Three members of the Oshrenko family who were discovered dead on Saturday.
The security fence, for all its ugliness and negative implications, solved the problem for the short term. But the problem facing Israel today can’t be solved by a fence or wall – unless each Israeli builds their own and isolates themselves.
The news that greated people on Saturday, or Saturday night if they’re religiously observant, talked of police calling it the ‘worst crime’ in Israel’s history being committed. A day after her Revital Oshrenko celebrated her third birthday in her Rishon Lezion home with her family – grandfather and grandmother Edward and Ludmilla, both 56; parents Tattiana, 28, and Dimitry, 32; and 4-month-old brother Netanel – the whole family was stabbed to death and their apartment set on fire in an apparent effort to cover up the murders. Some of the victims were said to have been stabbed repeatedly.
Rescue services only discovered the bodies when they were called to the home after a report of a fire. While a gag order has been placed on the police investigation, family friends and acquaintances, including Tourism Minister Stas Misezhnikov and the mayor of Rishon Lezion, said that the family members were model citizens.
Suspicions are rampant that the murders were ‘business’ related, pertaining to restaurants and clubs catering to Russian immigrants that Dimitry owned and operated. The murder is just the latest in a series of sensationalist killings that have taken place this year in the country, where non-terror murders were once considered a rare occurrence.

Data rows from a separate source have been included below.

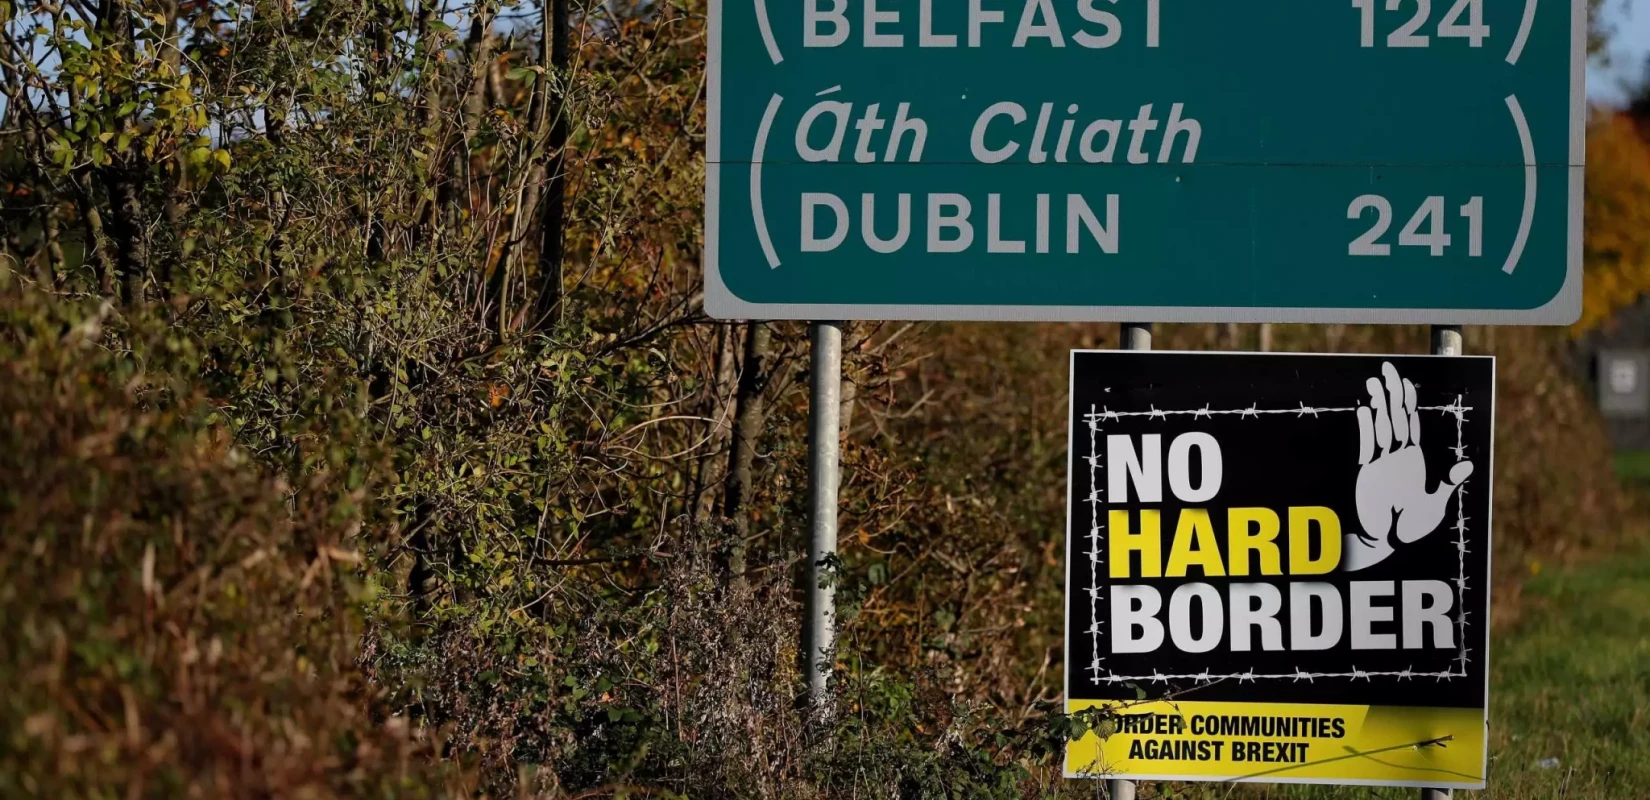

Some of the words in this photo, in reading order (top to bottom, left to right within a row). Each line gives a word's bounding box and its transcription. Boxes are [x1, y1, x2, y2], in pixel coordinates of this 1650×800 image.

[1351, 0, 1490, 48] 124
[794, 84, 928, 163] Áth
[970, 100, 1202, 165] Cliath
[800, 192, 1120, 254] DUBLIN
[1346, 194, 1483, 257] 241
[1107, 431, 1223, 503] NO
[1108, 505, 1342, 578] HARD
[1110, 579, 1457, 654] BORDER
[1100, 713, 1183, 735] ORDER
[1190, 714, 1346, 739] COMMUNITIES
[1128, 738, 1225, 762] AGAINST
[1231, 742, 1310, 764] BREXIT
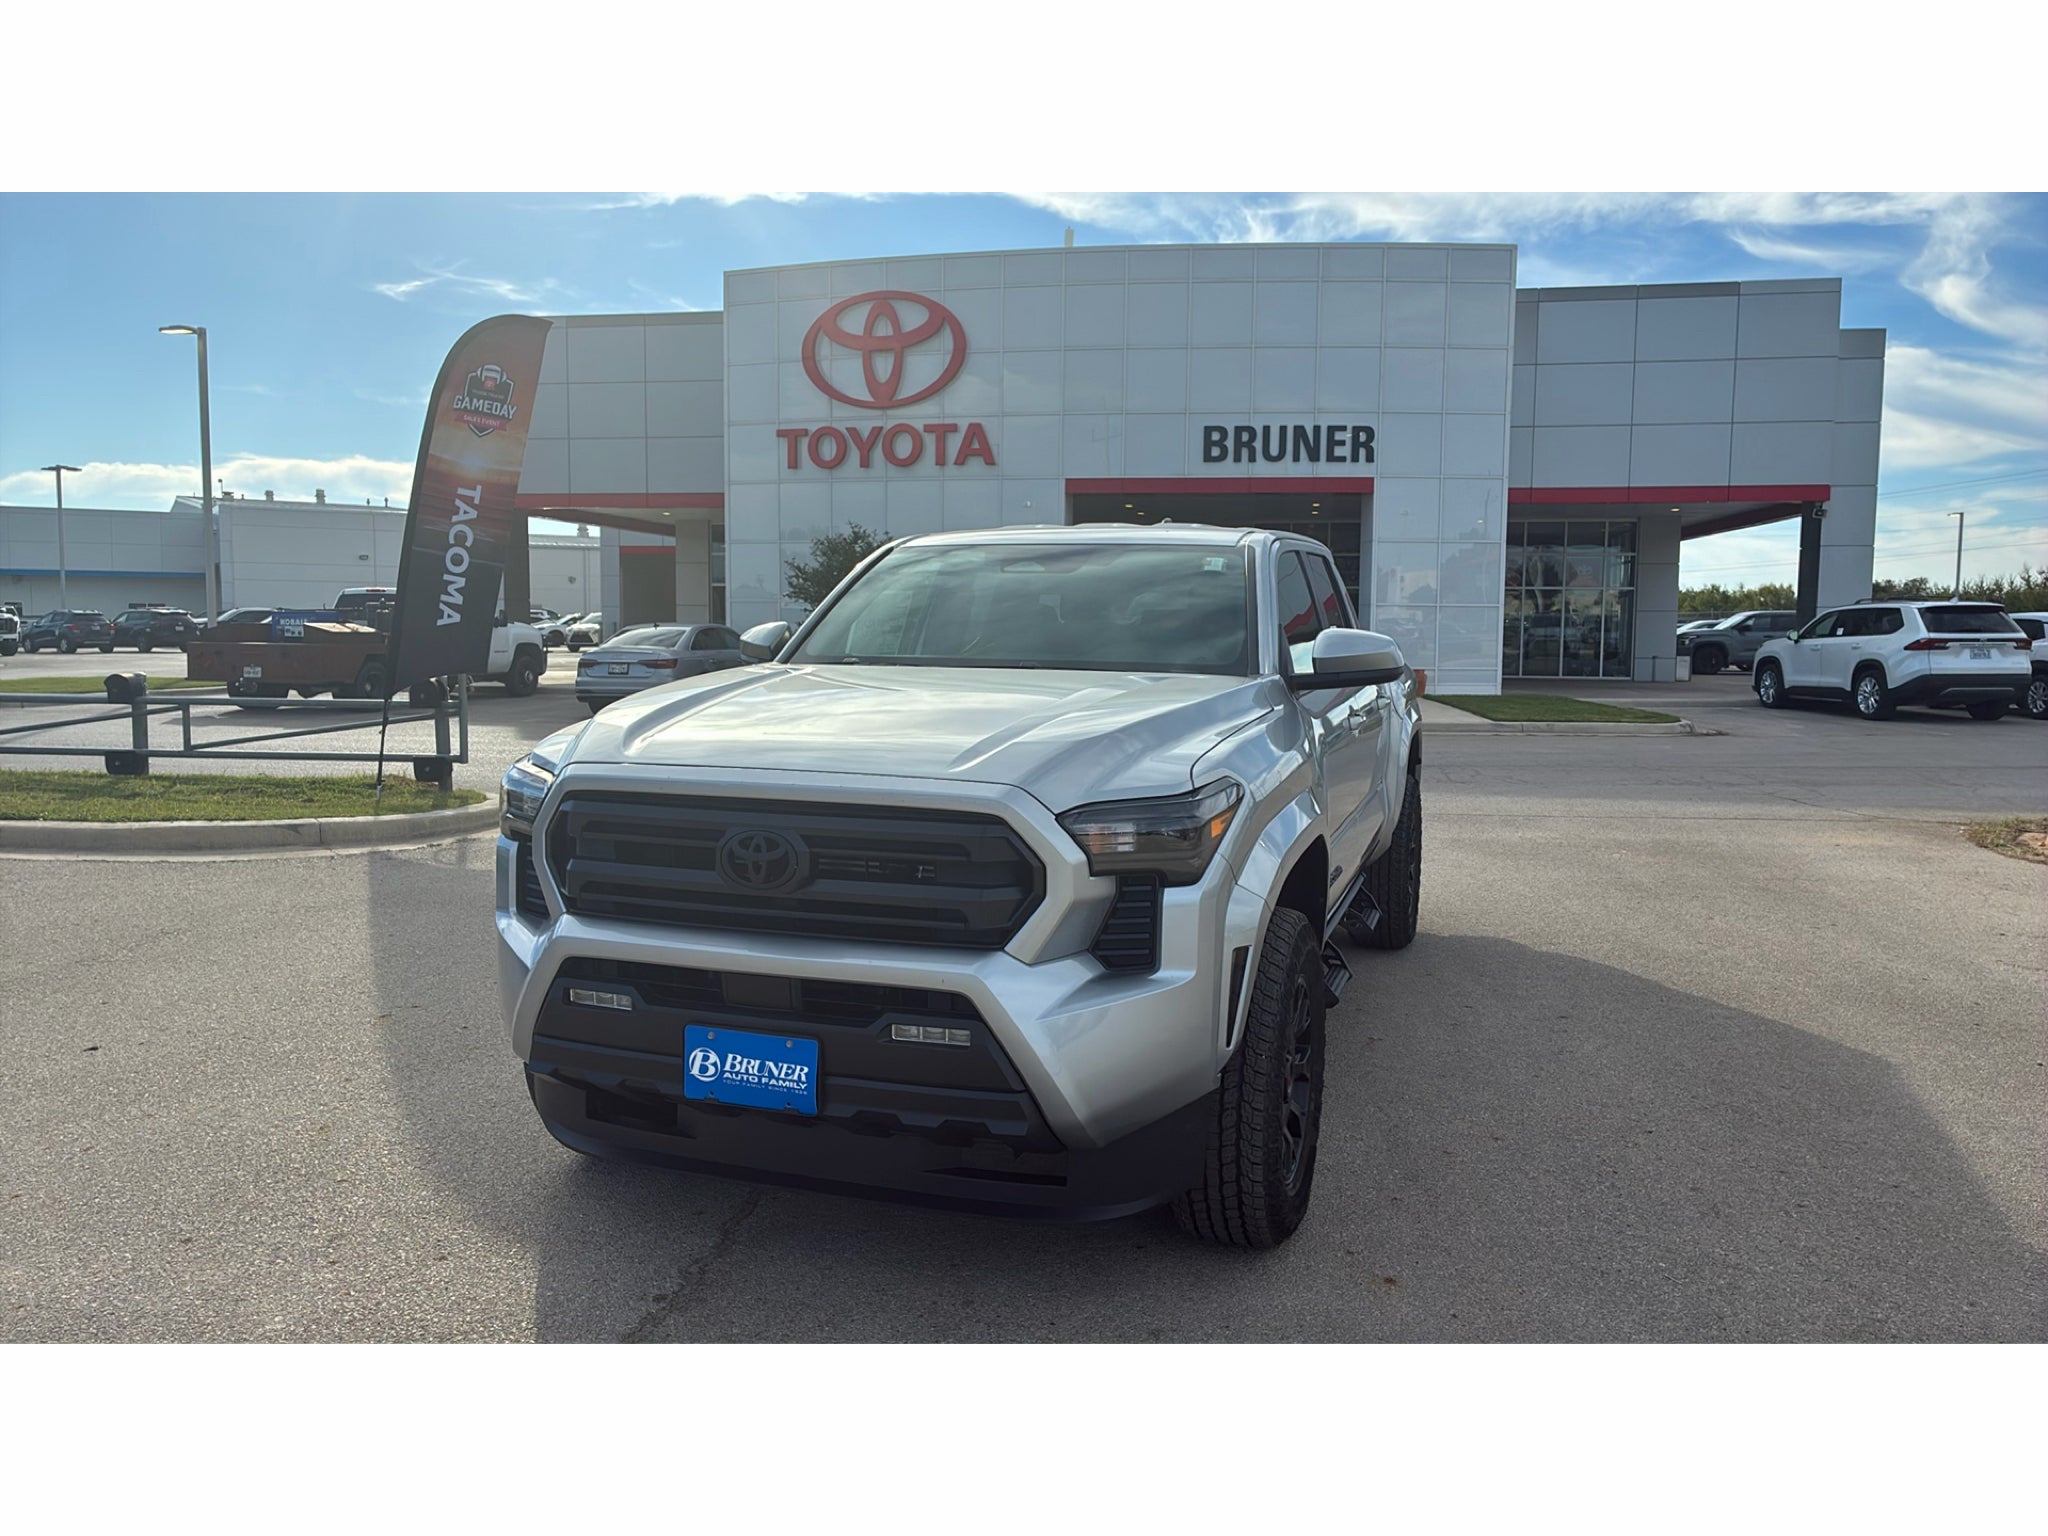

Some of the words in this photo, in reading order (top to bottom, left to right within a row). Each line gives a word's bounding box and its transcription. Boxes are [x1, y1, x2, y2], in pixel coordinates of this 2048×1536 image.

[453, 395, 517, 419] GAMEDAY
[482, 418, 500, 429] EVENT
[776, 422, 996, 470] TOYOTA
[1203, 425, 1375, 463] BRUNER
[436, 484, 482, 627] TACOMA
[723, 1053, 809, 1082] BRUNER
[723, 1072, 758, 1083] AUTO
[761, 1077, 808, 1090] FAMILY

I would kind of prefer it going back to the old ways – at least then you knew who the enemy was. I still feel safe here, walking around at night, or sending my children unsupervised on buses. But slowly, with Israel’s social fabric in danger of being ripped asunder, there’s a growing sense of lawlessness – when I’m out jogging at night now, sometimes I think twice about running past a group of teens gathered at a street corner – it’s a feeling that a security fence will be powerless to prevent.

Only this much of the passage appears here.